Exercise directions »
Print every entry below again exactly as written, skipping the pictures.

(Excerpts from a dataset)
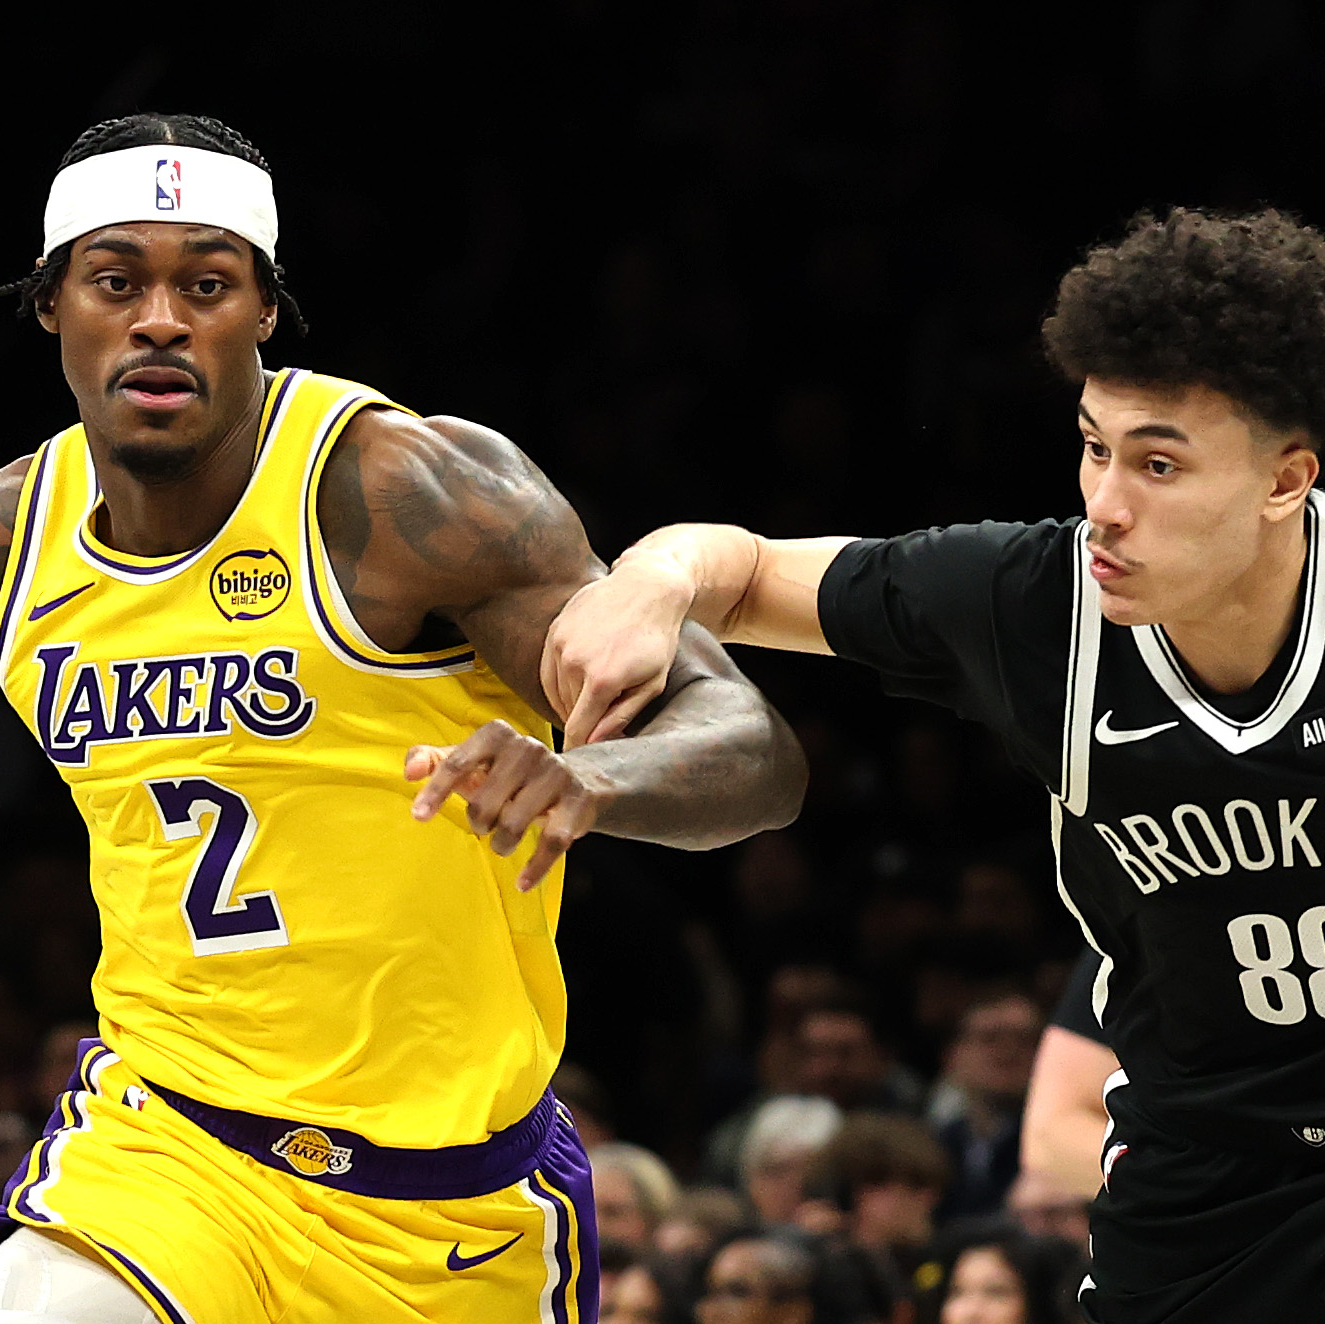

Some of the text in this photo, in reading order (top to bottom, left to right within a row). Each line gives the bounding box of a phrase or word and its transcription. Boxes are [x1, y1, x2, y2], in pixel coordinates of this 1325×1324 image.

[217, 568, 286, 599] bibigo
[32, 641, 317, 767] LAKERS
[143, 775, 290, 957] 2
[276, 1134, 350, 1172] LAKERS
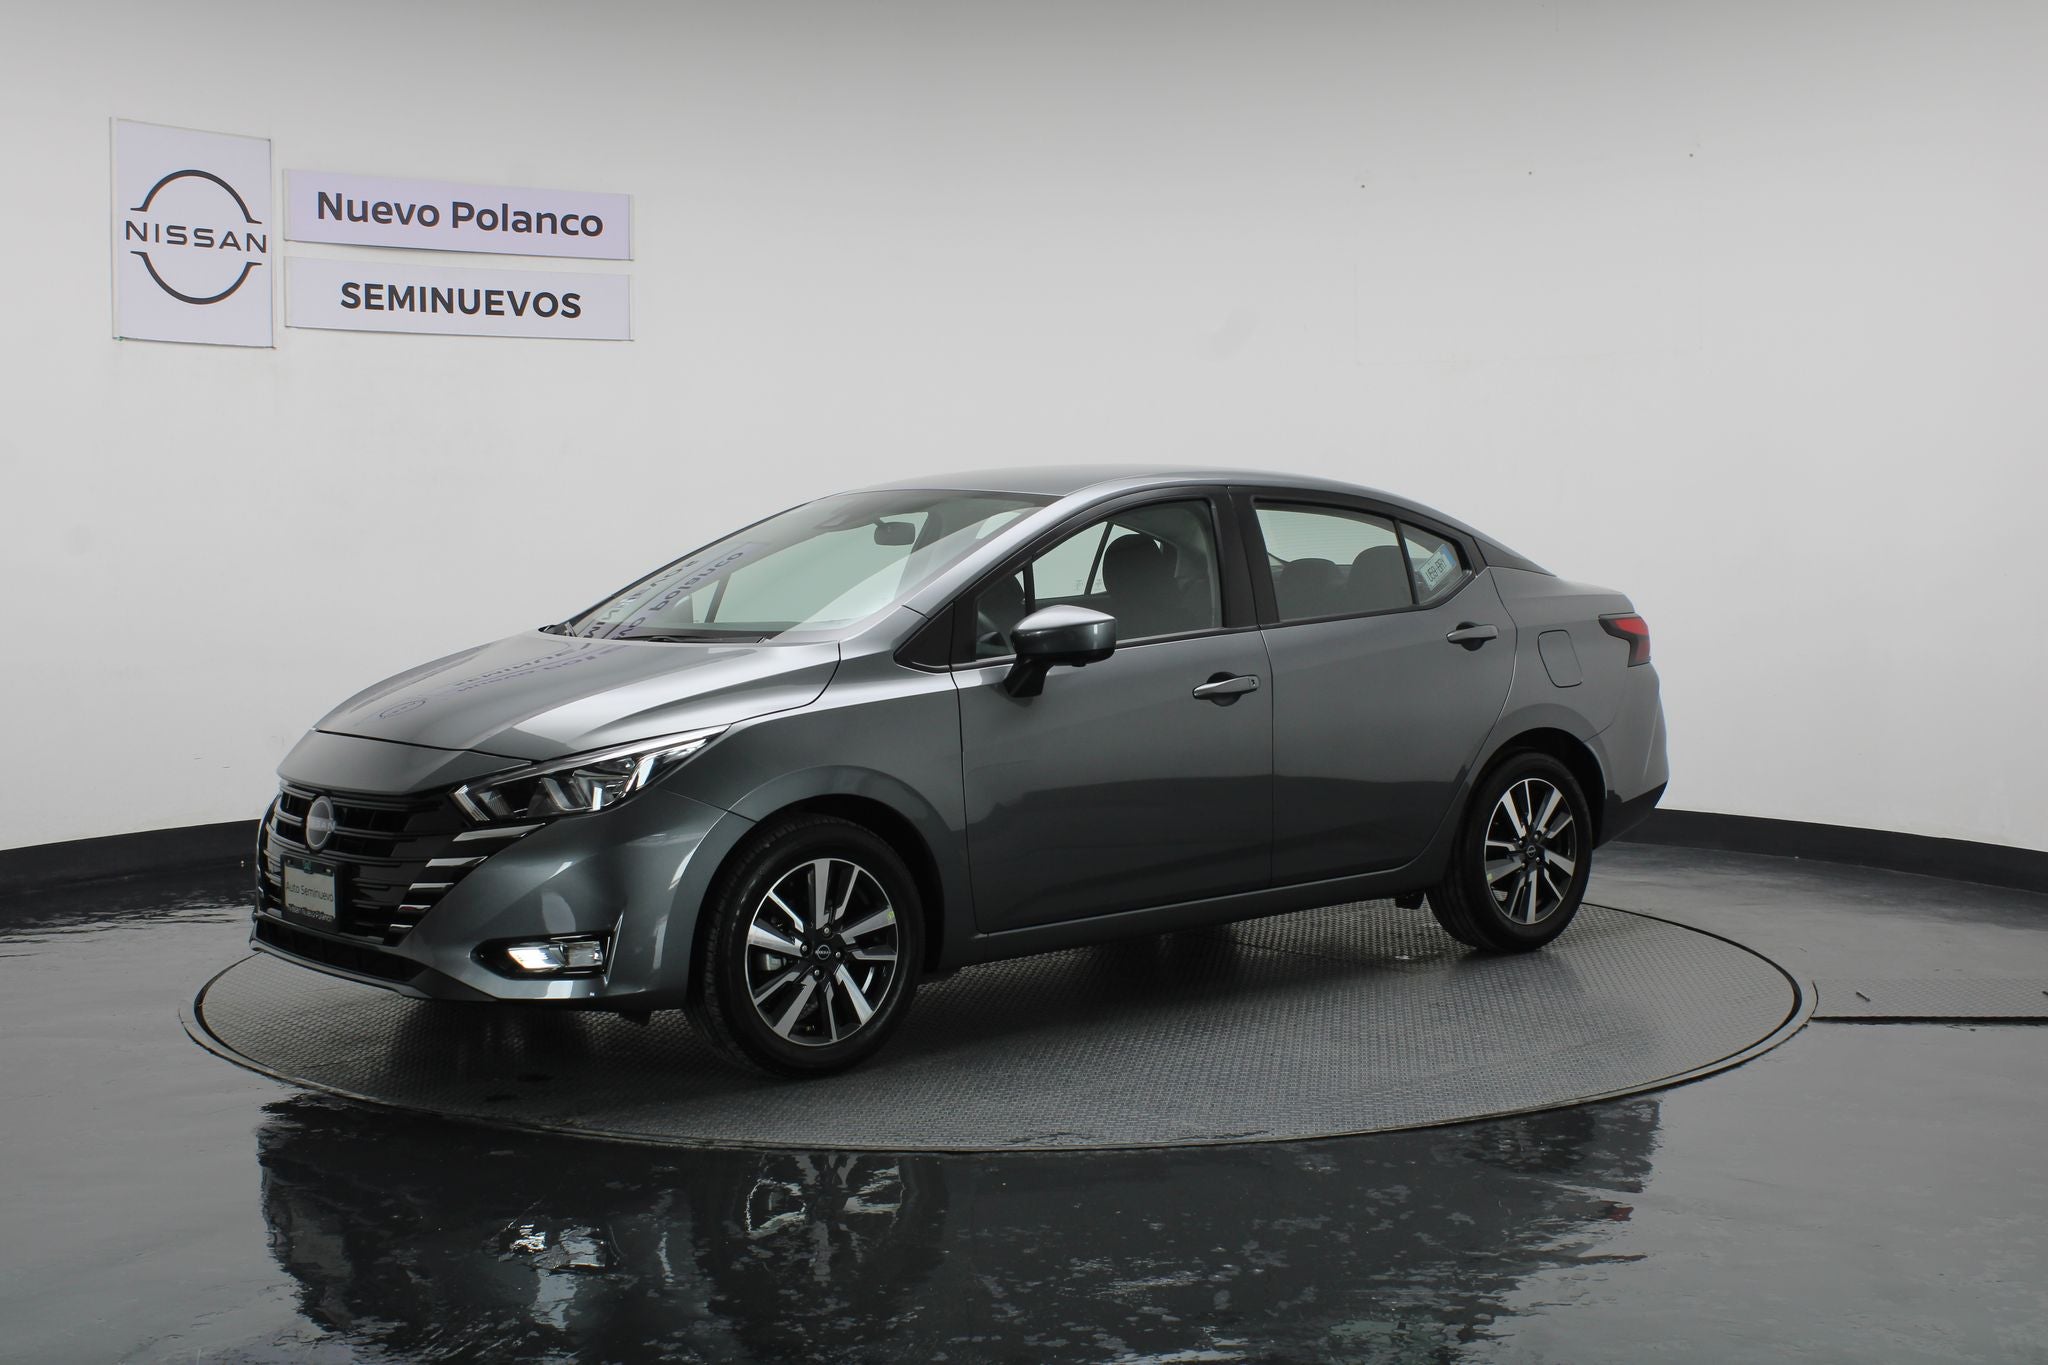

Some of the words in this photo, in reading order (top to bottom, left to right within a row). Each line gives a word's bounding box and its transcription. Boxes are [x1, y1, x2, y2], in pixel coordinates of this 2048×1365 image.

Exercise solution »
Some of the text in this photo, in reading order (top to bottom, left to right within a row). Each line gives the bounding box of a phrase or word and its transcription. Boxes are [x1, y1, x2, y2], in pixel coordinates of this 1325×1324 image.

[217, 568, 286, 599] bibigo
[32, 641, 317, 767] LAKERS
[143, 775, 290, 957] 2
[276, 1134, 350, 1172] LAKERS

Some of the words in this photo, in reading order (top to bottom, left to right within a row). Each line gives a word's bounding box and its transcription. Boxes are [x1, y1, x2, y2], in pixel coordinates of this 2048×1365 image.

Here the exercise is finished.